Con l’Estra attesa nella tana della capolista Brescia, coach Brienza avverte: «Servirà prestazione di livello da parte di tutti»
Quando finisci nella tana della leonessa, hai due alternative: o scappi, o cerchi di sembrare forte almeno quanto lei. Sicuramente l’Estra Pistoia ha dimostrato di non voler mai scappare, ma dinanzi all’attuale capolista del campionato ogni idea diversa porta con sé un percorso comunque ostico nella pratica. Anche quando si è dimostrato di poter battagliare con chiunque. Lo sa bene coach Nicola Brienza, che dei suoi ragazzi conosce pregi e limiti ma, a volte inspiegabilmente, riesce anche ad estendere questi ultimi. Specie se in palestra tutto procede come deve.
«Abbiamo fatto una bella settimana di allenamenti – ha così aperto l’allenatore dell’Estra – Sia Varnado che Blakes hanno fatto un ottimo lavoro e il loro recupero fisico è ormai ultimato. Un buon viatico, insomma, per affrontare una sfida come quella di Brescia. Ho già detto in passato di come la società lombarda abbia fatto investimenti importanti, costruendo una squadra che può essere tra le top di Eurocup, ma scegliendo comunque di non disputare le coppe e avendo così la possibilità di lavorare tutta la settimana alle partite. Coach Magro, che è un caro amico, lavora molto bene in campo e ha trovato le giuste alchimie. Non occupano la prima posizione per caso: sono al top di molte statistiche, sia offensive che difensive. Da parte nostra c’è la consapevolezza di partire indietro e di dover provare a fare la miglior partita possibile».

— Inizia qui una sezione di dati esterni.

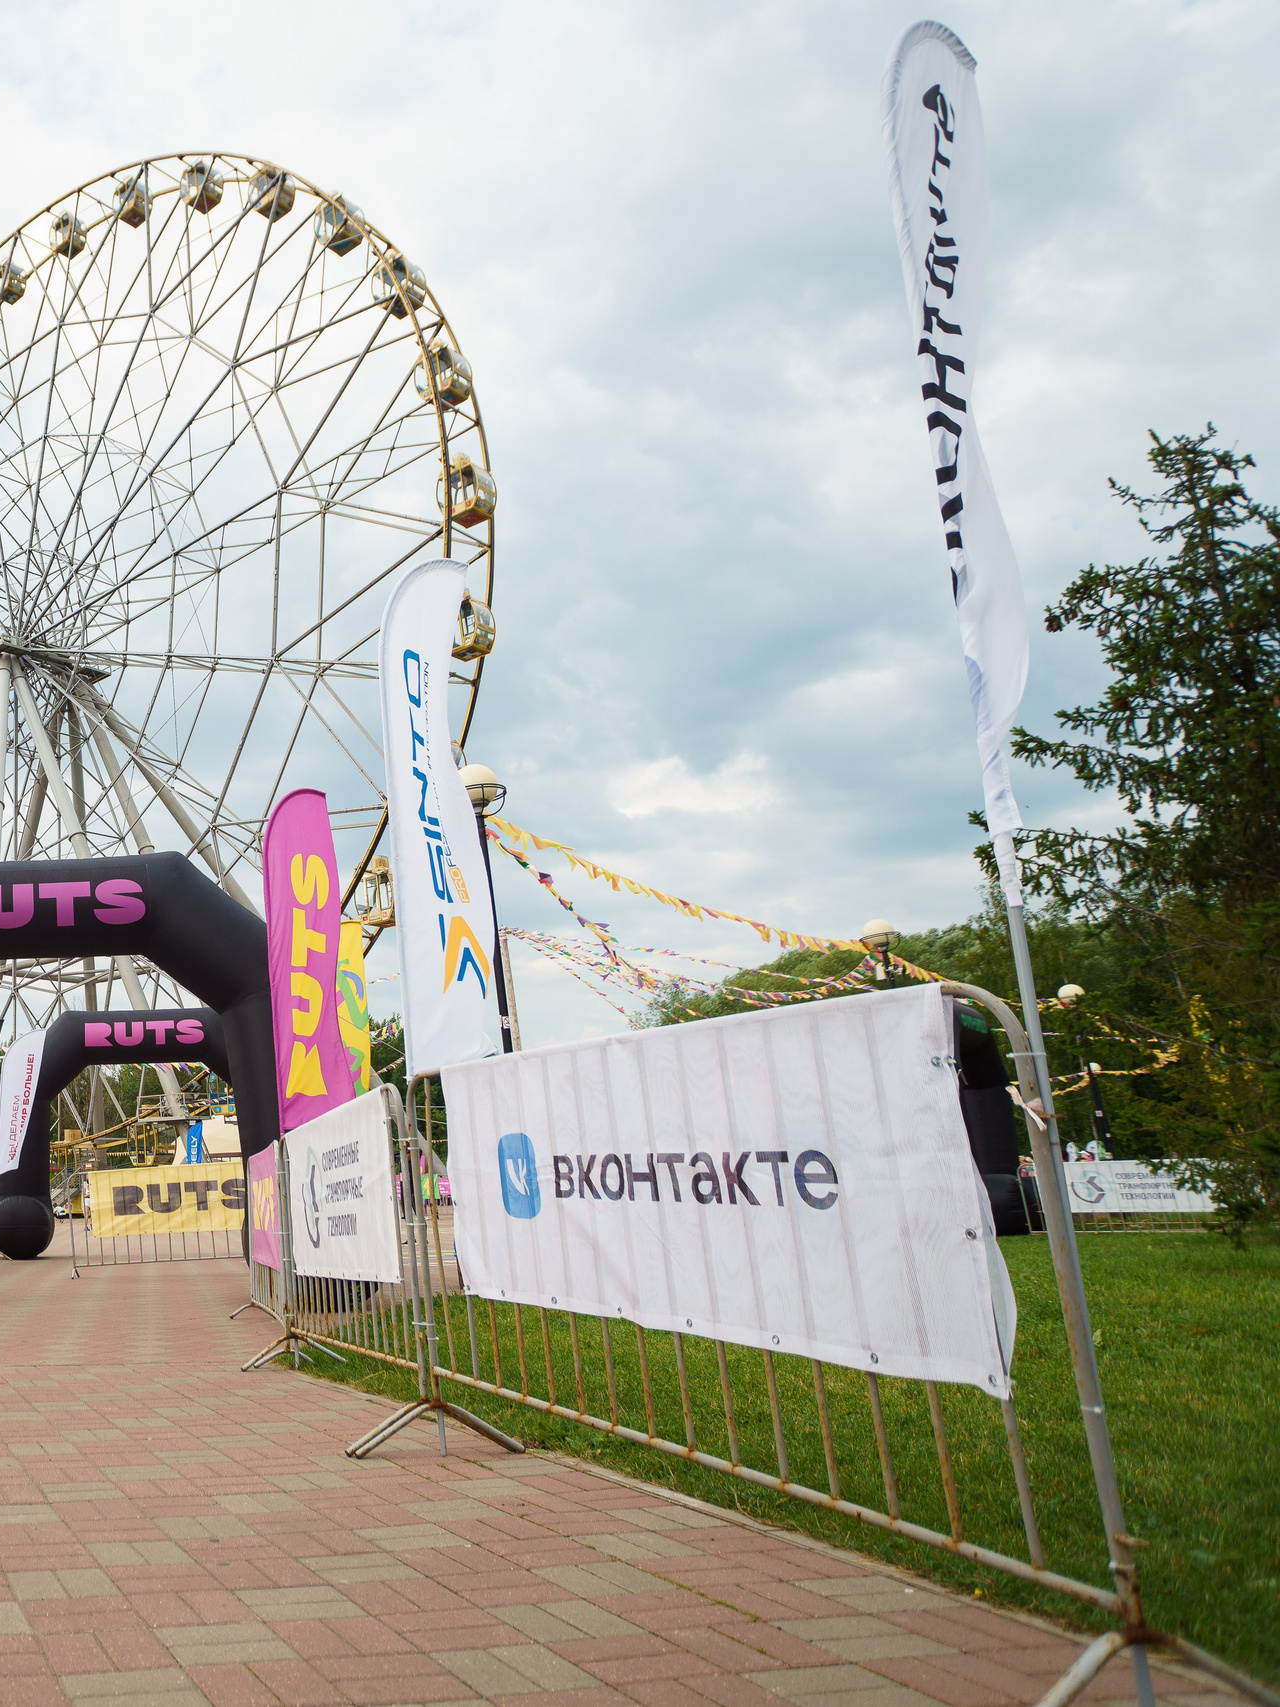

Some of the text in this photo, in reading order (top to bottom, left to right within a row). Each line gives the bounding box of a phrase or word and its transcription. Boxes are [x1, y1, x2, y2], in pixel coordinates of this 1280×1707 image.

[403, 649, 454, 903] SINTO
[286, 853, 329, 1098] RUTS
[85, 1019, 205, 1047] RUTS
[23, 1053, 35, 1105] БОЛЬШЕ!
[9, 1096, 20, 1142] ДЕЛАЕМ
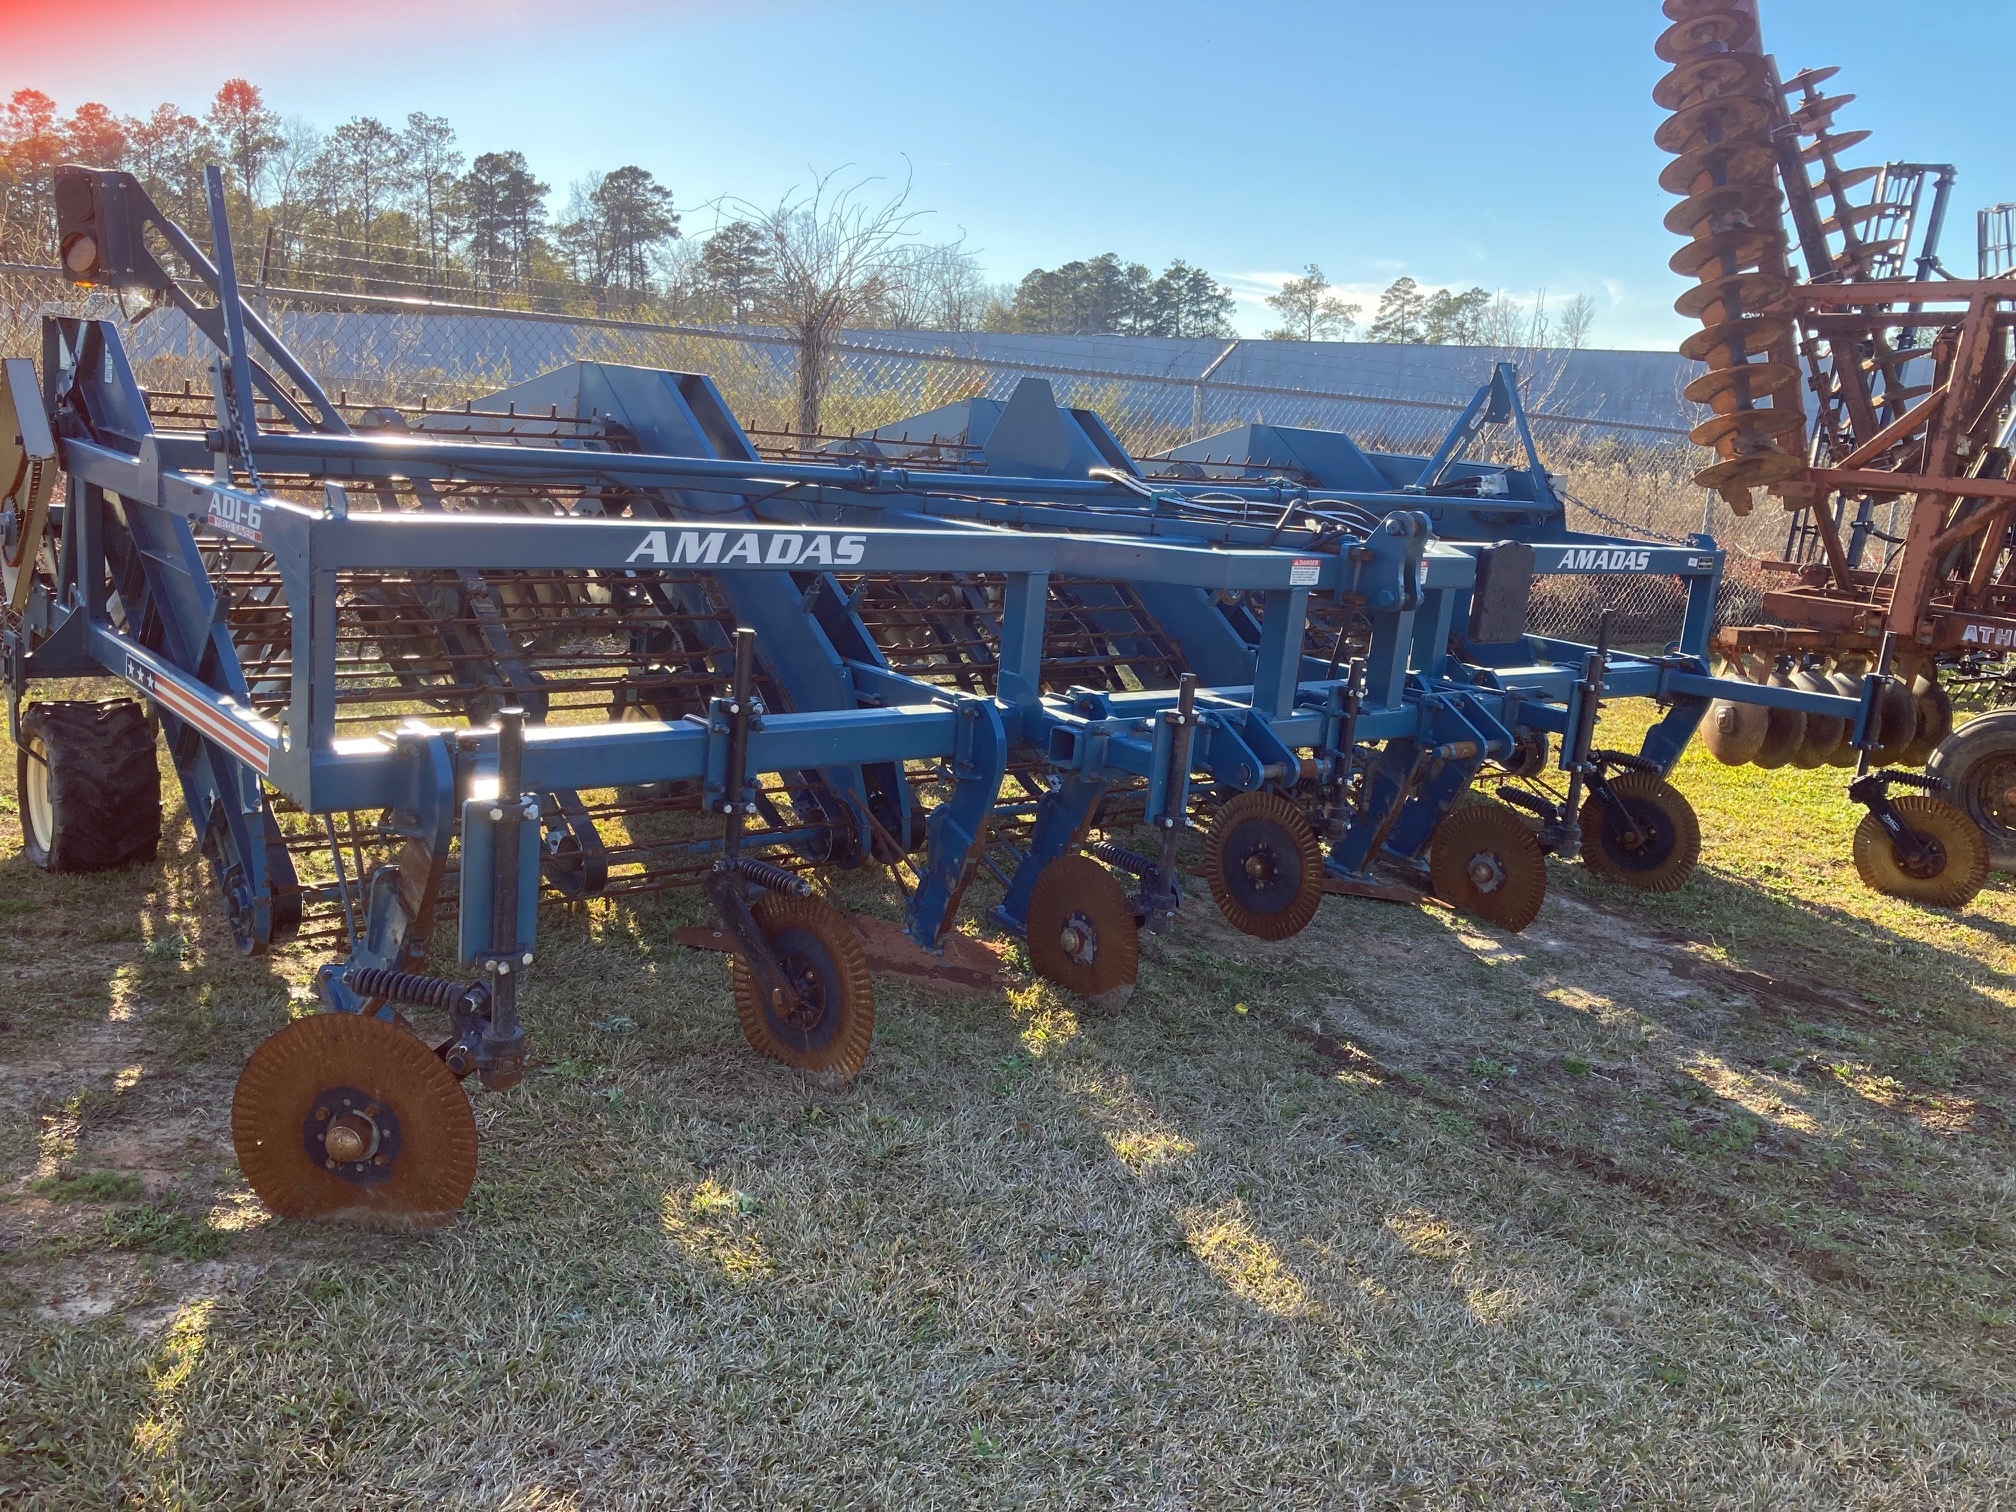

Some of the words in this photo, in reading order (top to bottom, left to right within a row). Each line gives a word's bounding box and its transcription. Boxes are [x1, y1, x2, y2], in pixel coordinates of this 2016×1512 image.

[208, 492, 262, 530] ADI-6
[625, 530, 867, 565] AMADAS
[1557, 549, 1651, 571] AMADAS
[1299, 559, 1320, 567] DANGER

Un gap che si era visto all’andata al PalaCarrara, dove comunque i biancorossi non si erano fatti troppo sovrastare. Anche coach Brienza, tornando indietro a quella gara, è di questa opinione.
«Ho avuto l’impressione di un’ottima prestazione da parte nostra, con Della Valle che nel momento decisivo ha trovato i tiri giusti. Domani dovremo cercare di portare la partita più in là possibile, rimanere in scia e vedere se ci sono le condizioni per fare il colpaccio».
Brescia tuttavia è solo il primo passo di un trittico davvero complesso, specie in questa parte di stagione in cui Pistoia deve cercare di reperire gli ultimi punti necessari alla salvezza. In seguito arriveranno infatti la partita casalinga contro l’Olimpia Milano e un’altra trasferta proibitiva a Venezia.
«Ancora fatico a comprendere il senso di questo calendario sfalsato. Ad ogni modo si tratta di tre gare non comode, senza dubbio: per noi è stato fondamentale vincere contro Scafati, che ci ha aiutato a muovere la classifica, ma in tutte le prossime tre cercheremo di fare del nostro meglio. Nessuno si aspetta che le vinciamo, ma sono gare che ti danno sempre qualcosa in più. Siamo in Coppa Italia proprio perché abbiamo vinto con Milano e Venezia».
Il discorso di sposta infine sui singoli, in particolare su due. Da una parte un Jordon Varnado che deve ritrovarsi dopo il lungo stop, dall’altra un Derek Ogbeide che domani, dopo una serie di partite davvero di alto livello, si ritroverà davanti quello che è probabilmente il miglior pivot del campionato, ossia Miro Bilan.
«A Varnado manca solo la partita, ma sta molto meglio: contro Scafati avevamo diversi punti interrogativi, ma ha risposto molto bene. Questa settimana ha fatto altri passi in avanti e mi auguro che possa essere il Jordon prima di Milano. Se vogliamo avere chances c’è bisogno di una prestazione di livello da parte di tutti gli effettivi. Non so cosa può essere in grado di fare ad oggi ma spero che, al netto di una gara difficile, mostri i suoi progressi. Ogbeide? La sfida contro Bilan, un giocatore di classe ed esperienza, è sicuramente stimolante. Tutte le volte che si è ritrovato contro lunghi notoriamente forti ha risposto alla grande. Quindi sarà un bel banco di prova, come lo sarà per tutti: Brescia è una squadra talmente forte che, quando è al top, riesce a creare margini davvero importanti».